LOl at anonymous coward
It is not everyone wanting to know how a trade agreement is processed, all people want to know is how a trade agreement will affect them before it is ratified and becomes law which they have to follow.
Maybe we should create it secret pass it in secret and ratify it in secret and then when it comes to being used in a court not be able to use it because it is a secret that not even the judge can be allowed to see.
Re: LOl at anonymous coward
“how a trade agreement will affect them before it is ratified and becomes law which they have to follow.”
This is the bullshit of it all.
That trade agreements that affect citizens as if these agreements were laws are able to get negotiated without public input, much less true representation, is just absurd. I don’t get the impression that powers given to the executive branch to make trade agreements was intended to allow an alternative means of creating “laws.” It seems like it was supposed to be that the president could say, “we’re making a deal with the UK to send them our cotton and they send us the textiles in return,” not, “we’ve made a deal with other countries in which all of our citizens will be bound by these restrictions to the benefit of these corporations who paid us off.”

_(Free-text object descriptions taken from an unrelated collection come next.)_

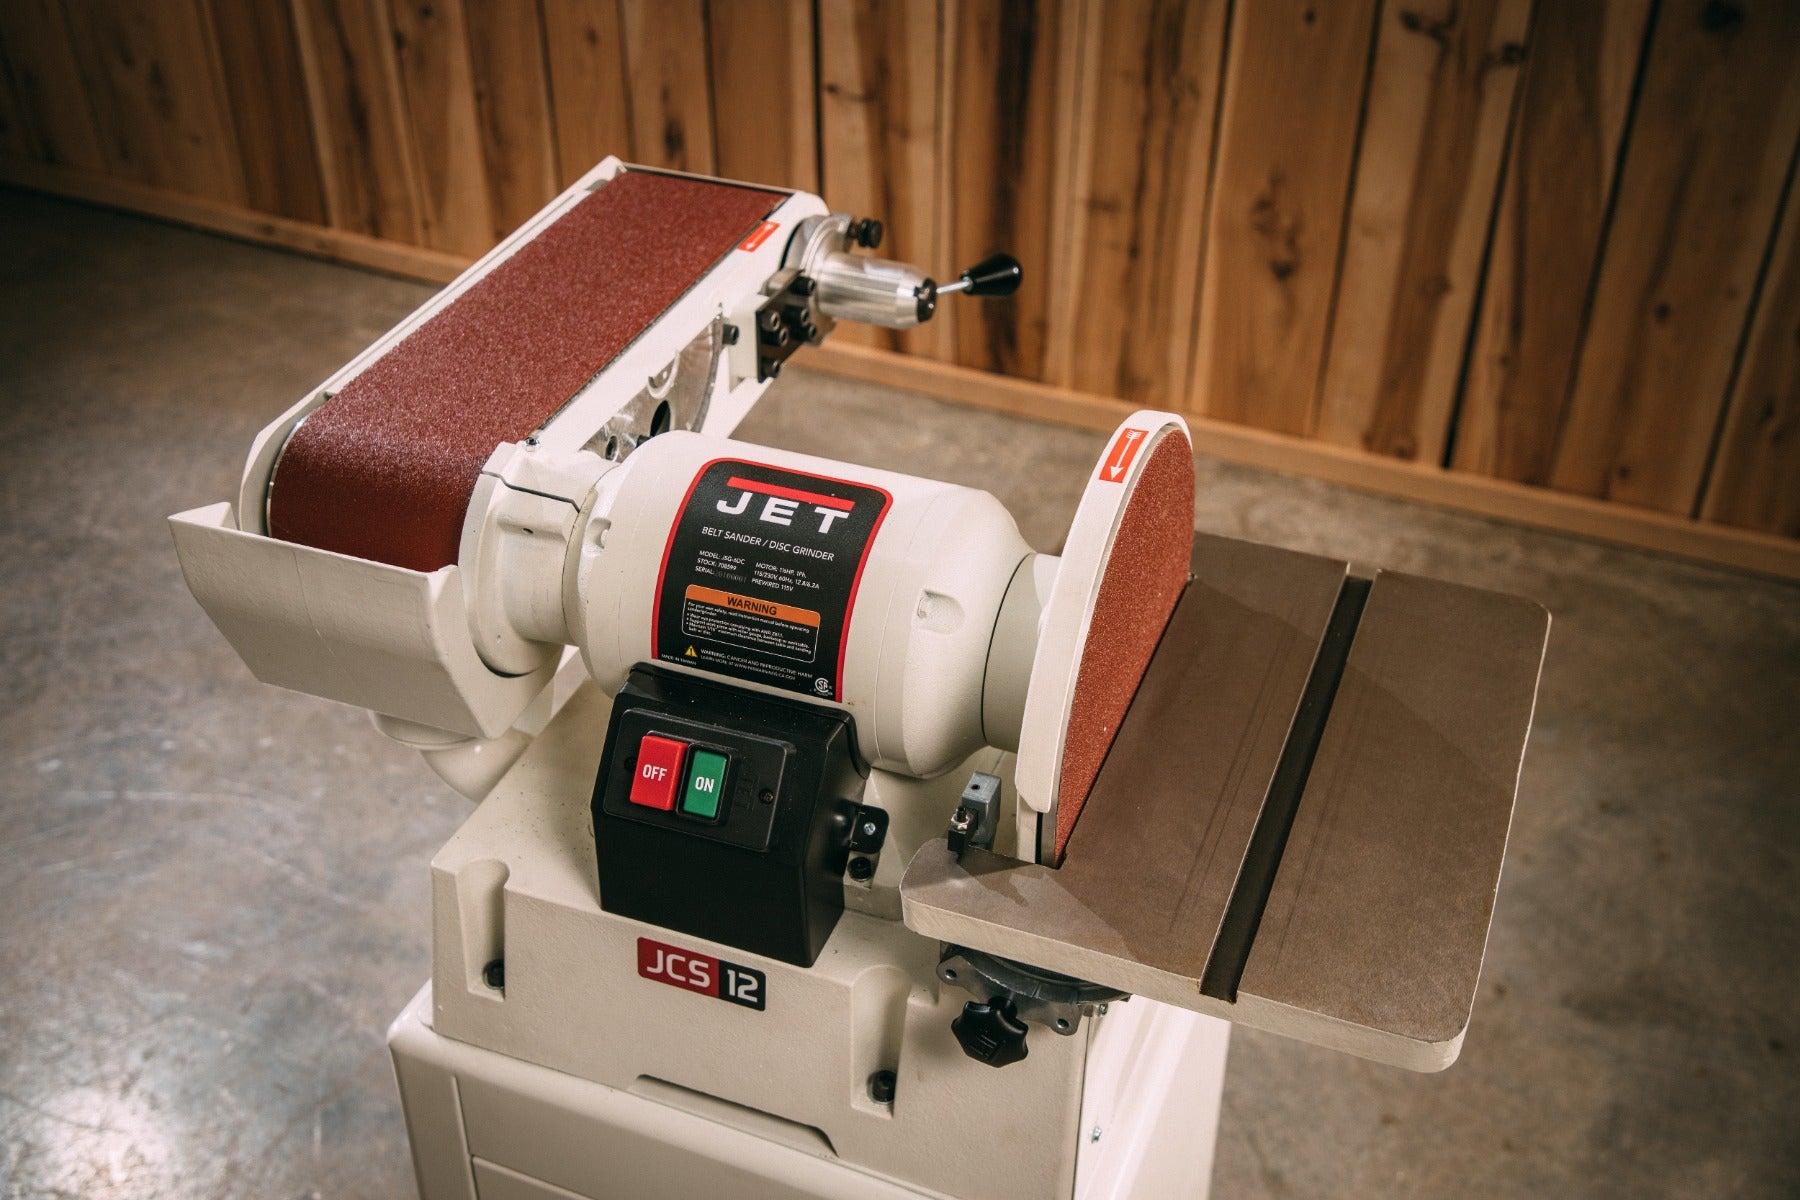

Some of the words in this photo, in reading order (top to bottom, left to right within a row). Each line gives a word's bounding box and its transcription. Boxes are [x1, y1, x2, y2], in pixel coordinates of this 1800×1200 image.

[716, 491, 850, 534] JET
[702, 526, 723, 537] BELT
[724, 531, 761, 546] SANDER
[762, 539, 769, 547] /
[769, 540, 791, 552] DISC
[793, 546, 835, 561] GRINDER
[697, 558, 718, 566] STOCK:
[699, 550, 721, 559] MODEL:
[756, 562, 778, 572] MOTOR:
[751, 578, 780, 589] PREWIRED
[728, 597, 777, 615] WARNING
[642, 764, 668, 781] OFF
[695, 776, 715, 793] ON
[647, 949, 710, 988] JCS
[727, 969, 759, 1003] 12

Im starting to think, that they think, that they have something up their sleeves, why else continue the same way they have been, if they have’nt.
Either they’ve seen whats been happening to stuff like acta or they’ve put a transparancy block on themselves but in reverse, the numnuts’
Oh, but it is 21st century
21st century BC to be exact.
Re: Oh, but it is 21st century
nah, if it was, we could get our pointy sticks and go stab ’em repeatedly for this sort of thing and it would actually solve the problem. (pointy sticks includes anything up to and including proper spears and arrows, mind.)
Devil's advocate?
Maybe playing the devil’s advocate a bit here, but I have a slight quibble with declaring in no uncertain terms that X is “the defining aspect of” the Yth century after only the first 1/8 of the Yth century has thus far elapsed.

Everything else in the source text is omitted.